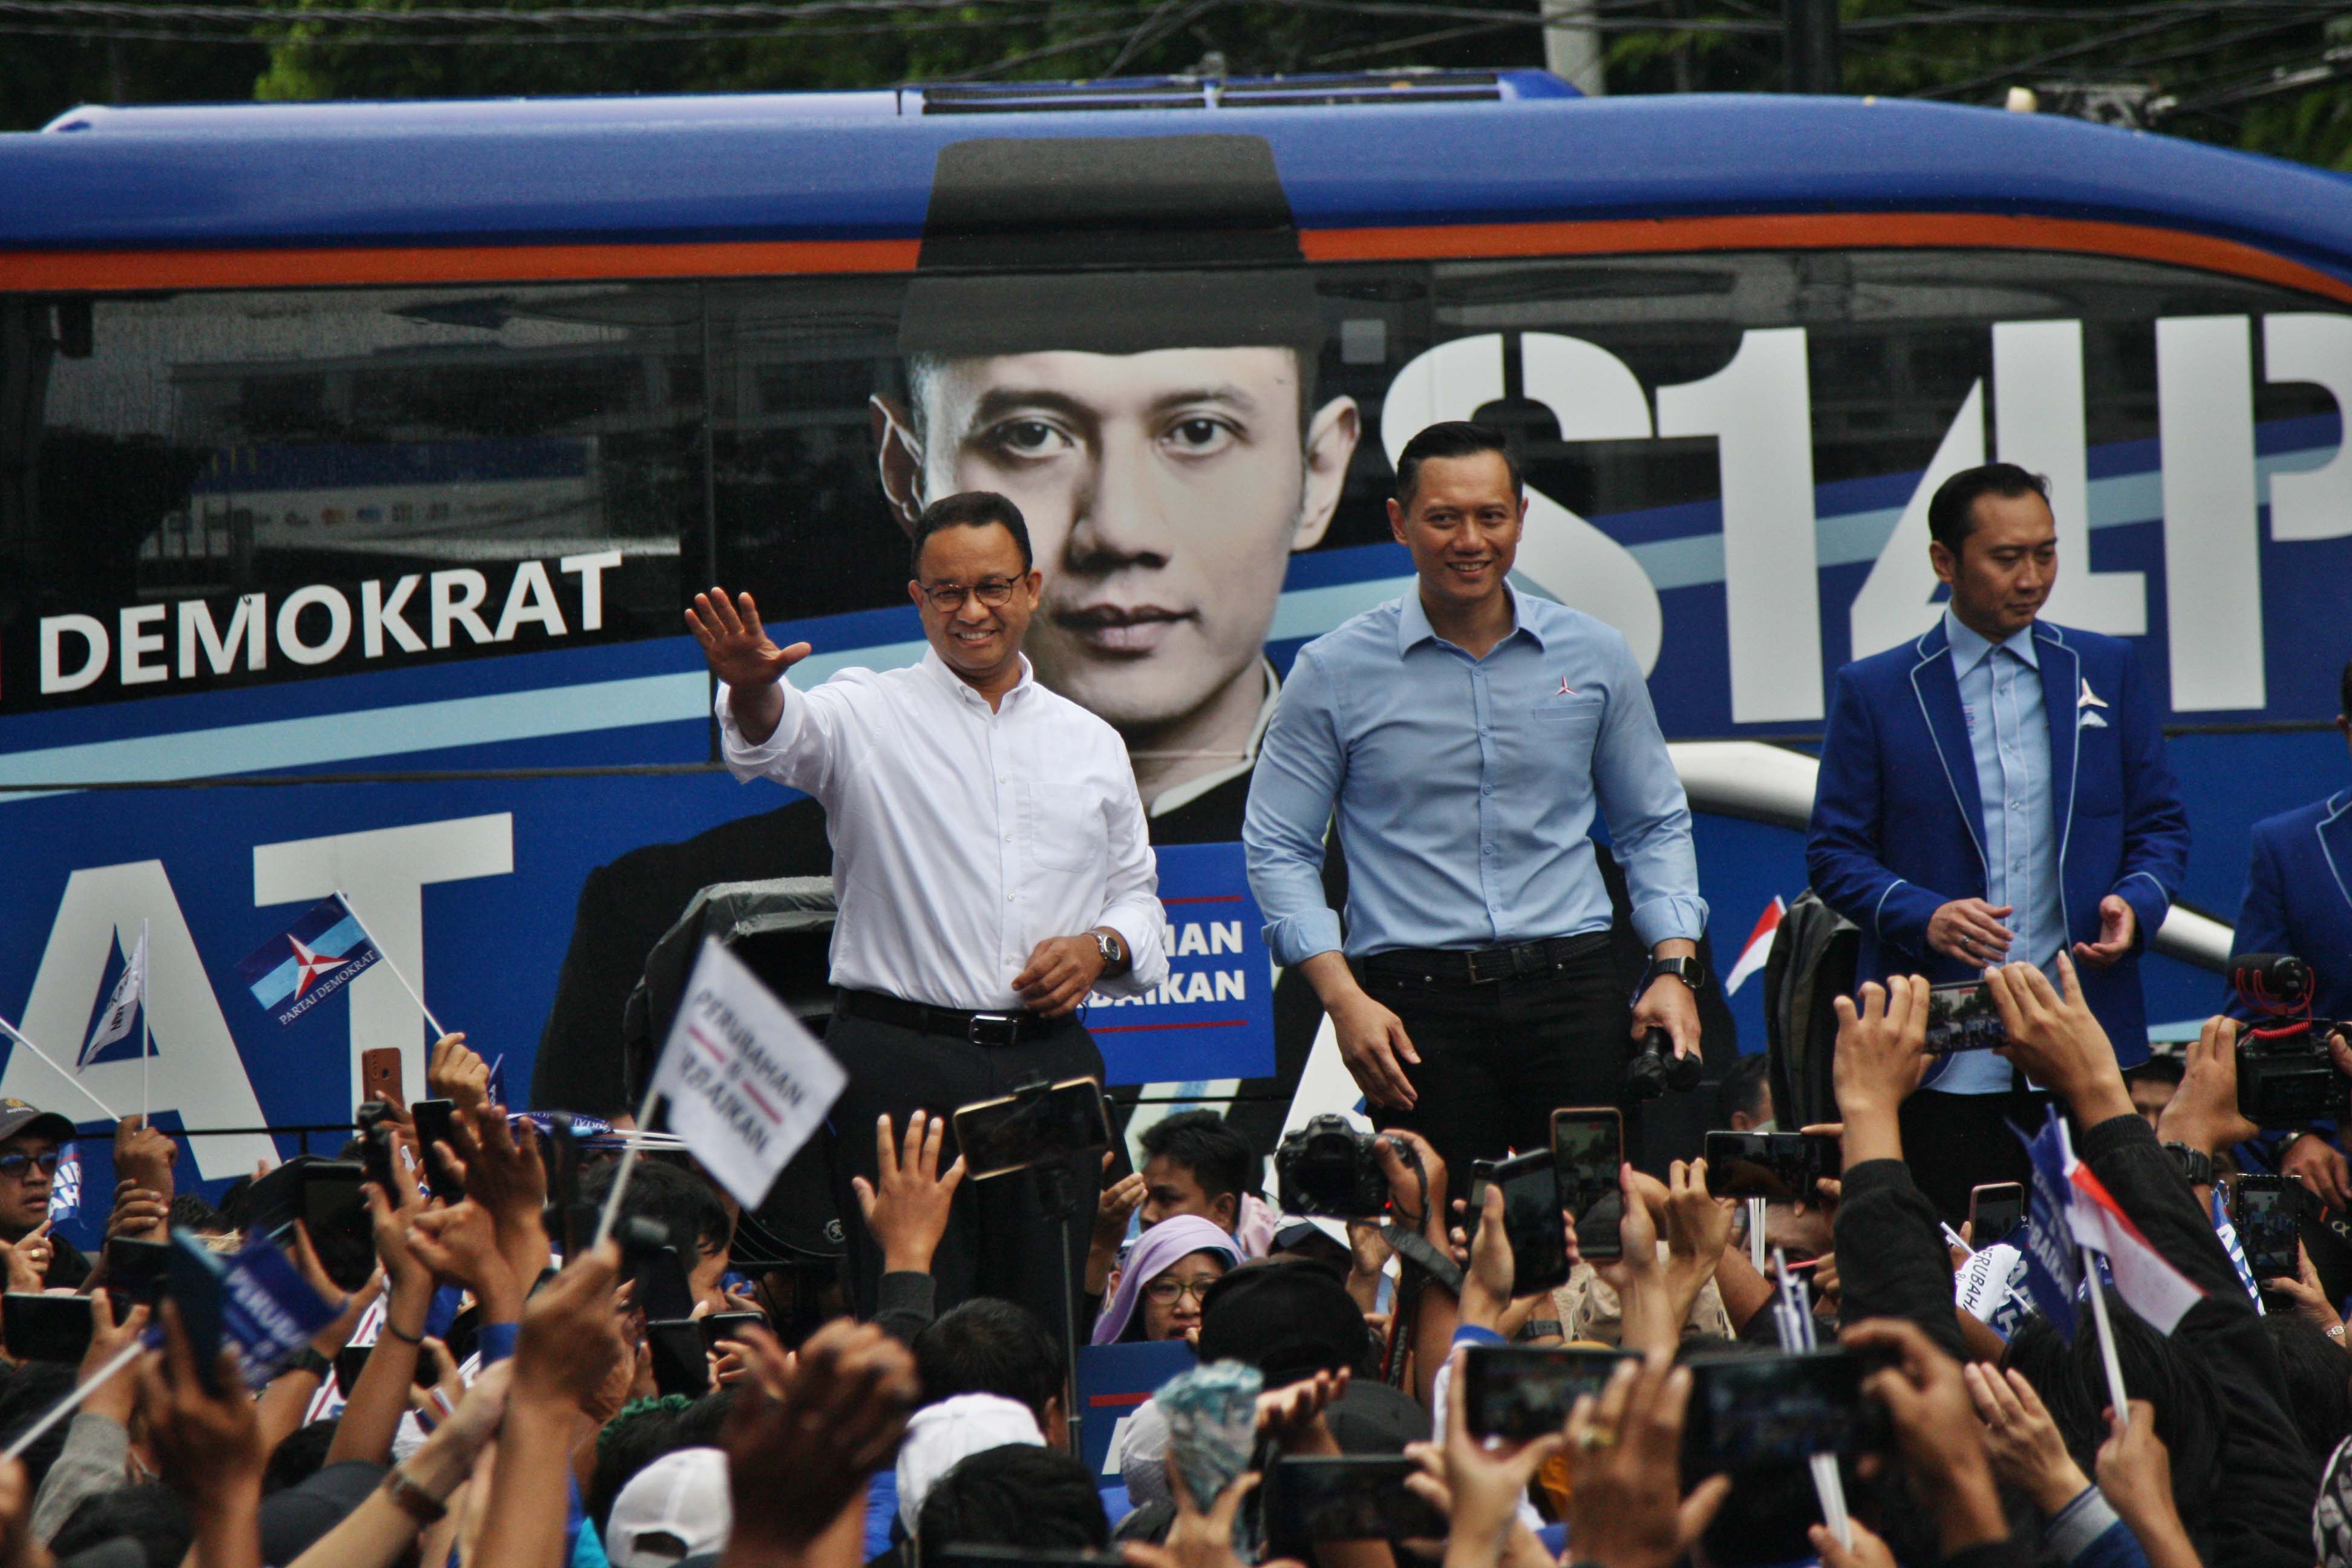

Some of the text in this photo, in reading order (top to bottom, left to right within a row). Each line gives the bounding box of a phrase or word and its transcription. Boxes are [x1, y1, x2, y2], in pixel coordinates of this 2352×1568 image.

[41, 550, 621, 694] DEMOKRAT
[279, 950, 376, 1025] PARTAI DEMOKRAT
[695, 988, 809, 1108] PERUBAHAN
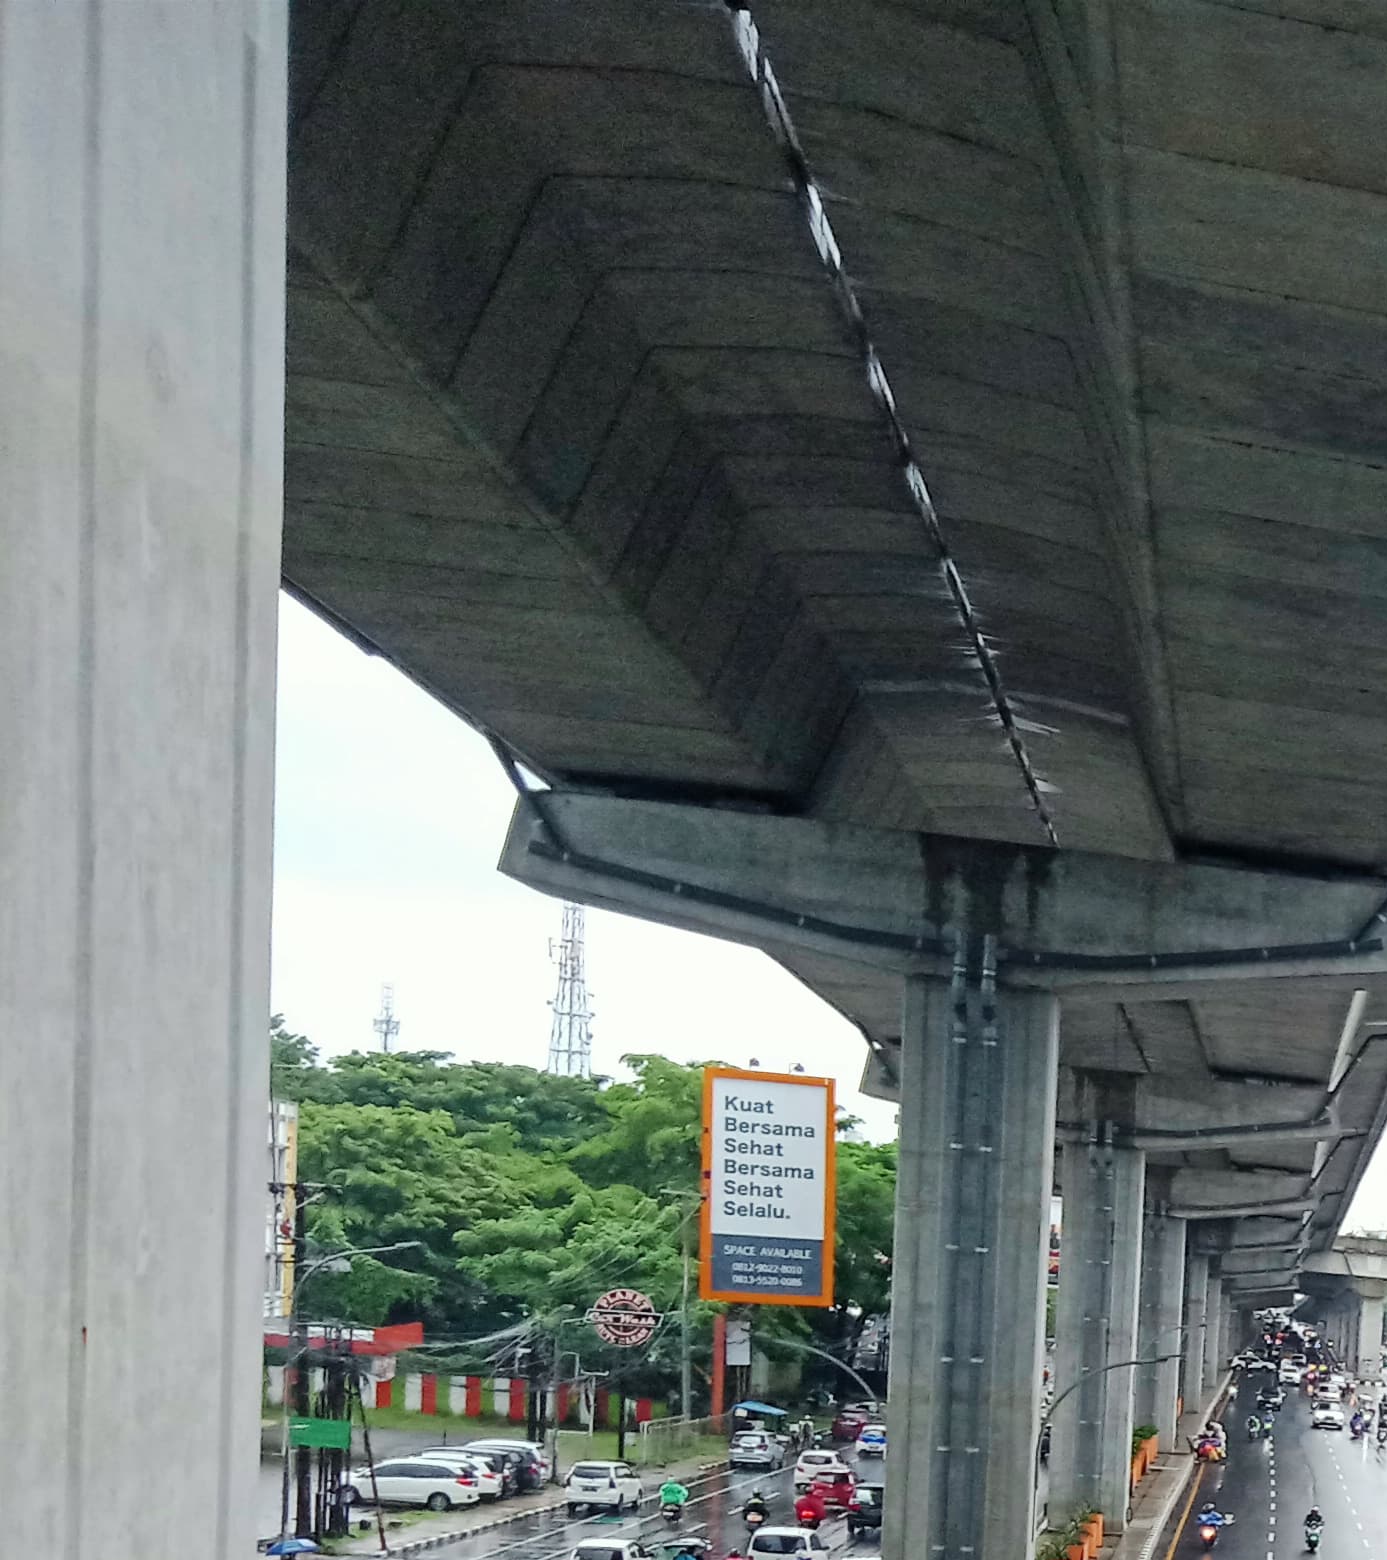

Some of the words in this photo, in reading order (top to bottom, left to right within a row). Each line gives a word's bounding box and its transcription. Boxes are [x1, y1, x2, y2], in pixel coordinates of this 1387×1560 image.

[724, 1096, 774, 1114] Kuat
[724, 1117, 815, 1138] Bersama
[723, 1138, 784, 1157] Sehat
[723, 1159, 815, 1179] Bersama
[723, 1180, 784, 1199] Sehat
[723, 1201, 791, 1219] Selalu.
[723, 1244, 756, 1257] SPACE
[759, 1247, 812, 1260] AVAILABLE
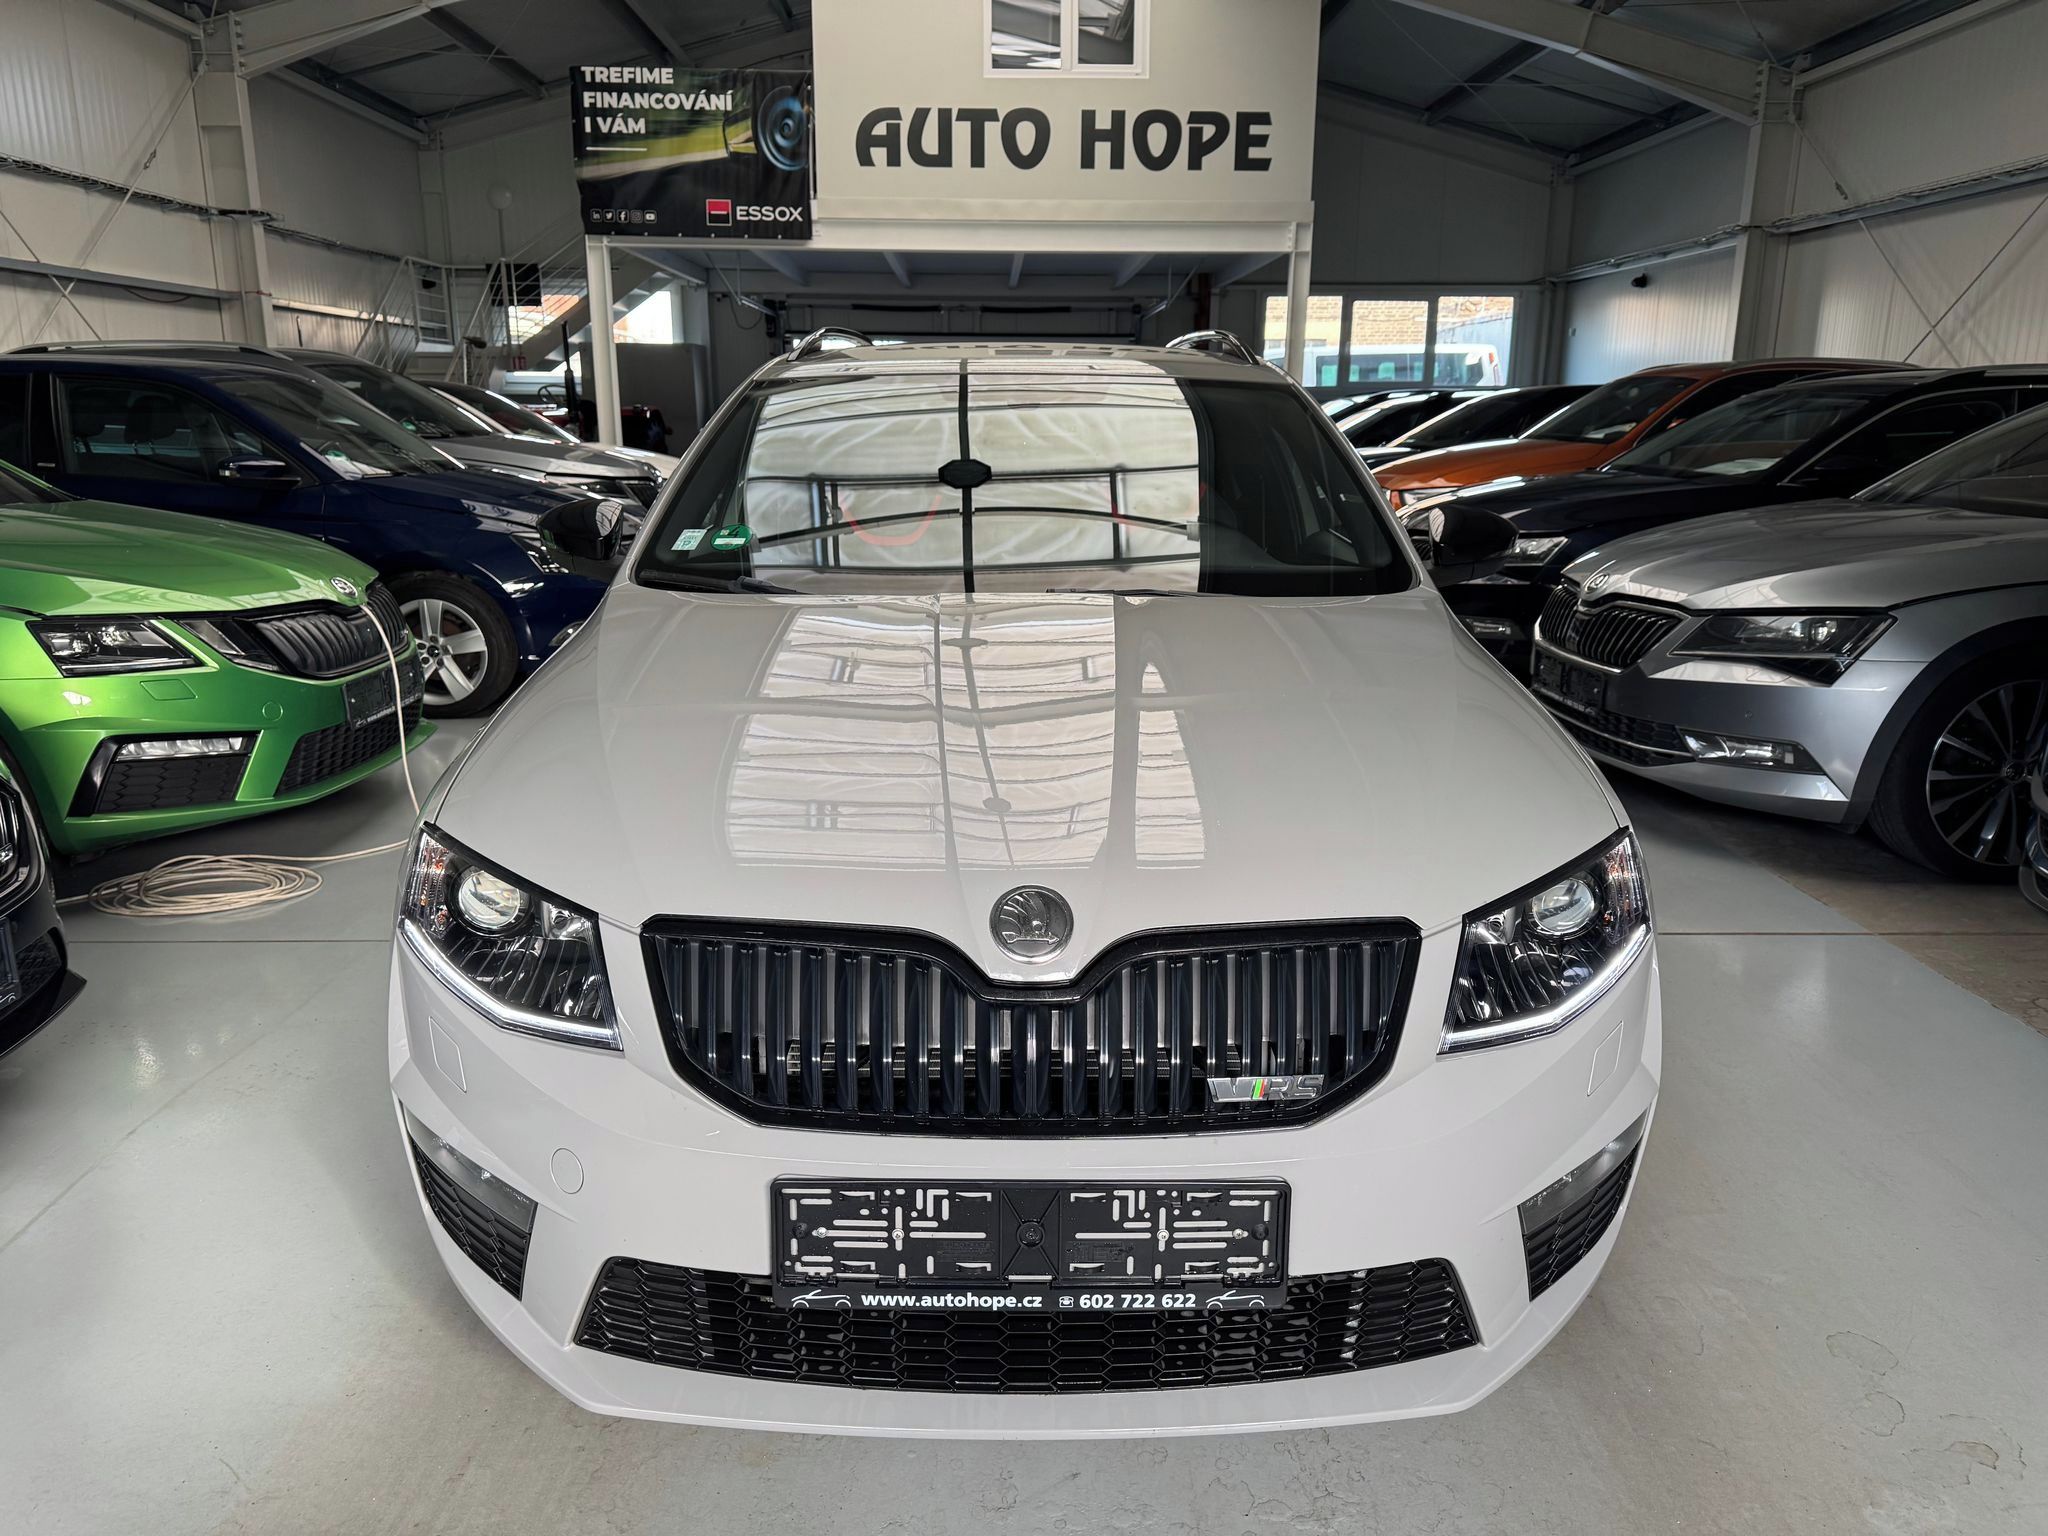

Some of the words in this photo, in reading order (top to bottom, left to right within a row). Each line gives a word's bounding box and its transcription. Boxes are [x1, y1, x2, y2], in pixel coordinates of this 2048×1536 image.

[581, 66, 673, 84] TREFIME
[582, 90, 733, 111] FINANCOVÁNÍ
[584, 117, 591, 133] I
[597, 113, 646, 134] VÁM
[856, 106, 1051, 170] AUTO
[1080, 108, 1273, 171] HOPE
[735, 206, 804, 223] ESSOX
[726, 526, 740, 538] 4
[861, 1292, 1042, 1311] www.autohope.cz
[1079, 1293, 1114, 1309] 602
[1120, 1293, 1155, 1309] 722
[1161, 1293, 1196, 1309] 622

####

**What to do**: A faithful copy of the lines from the line containing "this 2048×1536 image." to the end of the data should be set down, both ends included, and nothing more.

**Response to the task**:
Some of the words in this photo, in reading order (top to bottom, left to right within a row). Each line gives a word's bounding box and its transcription. Boxes are [x1, y1, x2, y2], in pixel coordinates of this 2048×1536 image.

[581, 66, 673, 84] TREFIME
[582, 90, 733, 111] FINANCOVÁNÍ
[584, 117, 591, 133] I
[597, 113, 646, 134] VÁM
[856, 106, 1051, 170] AUTO
[1080, 108, 1273, 171] HOPE
[735, 206, 804, 223] ESSOX
[726, 526, 740, 538] 4
[861, 1292, 1042, 1311] www.autohope.cz
[1079, 1293, 1114, 1309] 602
[1120, 1293, 1155, 1309] 722
[1161, 1293, 1196, 1309] 622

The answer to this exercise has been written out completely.